Selected projects & work

EveryBlock

I co-founded EveryBlock with Adrian Holovaty, Wilson Miner, and Dan X. O’Neil in 2007 in Chicago.

I developed the site along with Adrian, writing Python code for the Django-based application, administering the PostgreSQL/PostGIS database, writing JavaScript for various front-end elements including our OpenLayers-based custom maps (I wrote an article about our maps), including developing a custom nginx module to efficiently serve our map tiles.

Friends of the Bloomingdale Trail

I co-founded Friends of the Bloomingdale Trail in 2003, an all-volunteer non-profit organization that advocates for the conversion of an unused elevated rail line on the north side of Chicago to a multi-use greenspace and park. I designed and developed the FBT site, which is a Django app.

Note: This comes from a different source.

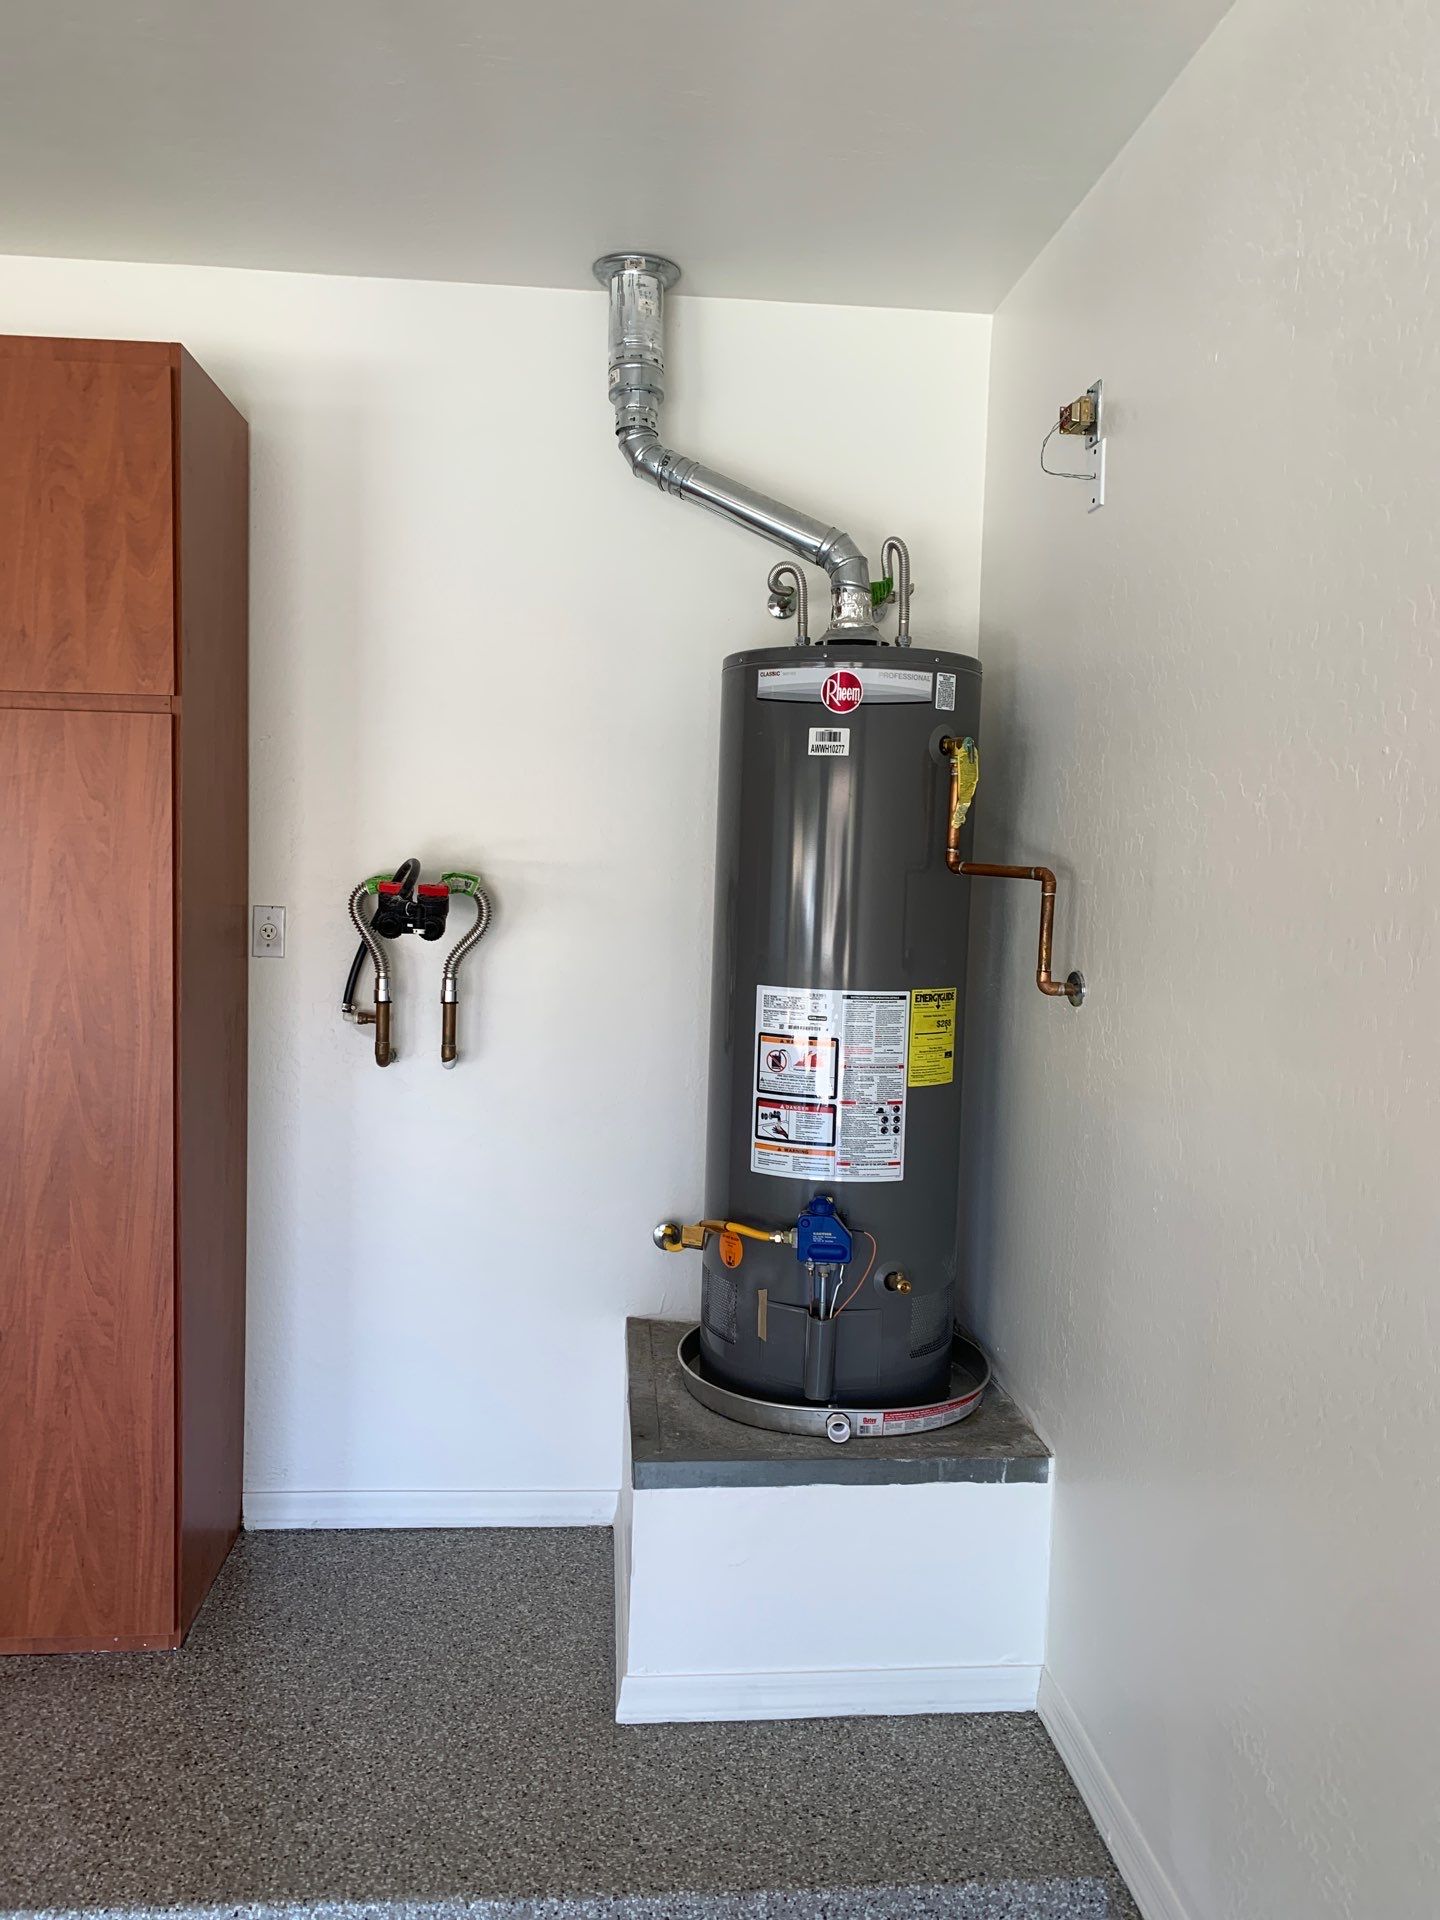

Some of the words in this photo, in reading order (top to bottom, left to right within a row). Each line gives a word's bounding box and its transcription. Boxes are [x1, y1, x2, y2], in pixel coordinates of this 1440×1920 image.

[879, 672, 931, 681] PROFESSIONAL
[826, 671, 860, 706] Rheem
[811, 744, 845, 753] AWWH10277

Election Day Advent Calendar

In 2006, my co-conspirator Ben Helphand and I, calling ourselves “Gerrymander” (slogan: Make Small Plans), conceived, designed (with help from Andrew Seay), produced, printed, and sold the Election Day Advent Calendar. Like a regular Advent calendar counts down the days ‘til Christmas, our political-nerd take on it counted down the days leading up to the 2006 midterm election. You opened a door each day and it would reveal a quote or fact about our democracy. This was an actual 11"×17", full-color, printed, die-cut calendar. We sold a fair number, more or less broke even, and declared it a success from our modest expectations. With design help from Melissa Dean, we repeated the effort in with a new calendar for the 2008 election.

Chris Hayes

I designed and developed another Django app in 2006, a personal site for my friend the journalist Chris Hayes, Washington editor of The Nation and an MSNBC contributor.

Crain’s sites

As part of my freelance web developer career, I made a number of web apps for Crain’s Chicago Business, based around a news cycle and a data set. One example was Mayor Daley’s Contributions, which let you query a database of contributions made to the mayor in the run-up to the 2007 municipal elections. The contributions were also mapped. This was a Django app.

Civic Footprint

I created a site while at the Center for Neighborhood Technology in 2005 called the Civic Footprint. This was a site where you typed in your address, and it showed you who represented you politically, down to the local level (congressman, state senator, alderman, etc.), and a map of all your political geographies. This was an early Ruby on Rails site, and I hacked in geospatial support to ActiveRecord so that I could make queries against the PostGIS database containing the political boundaries. The maps were generated by MapServer.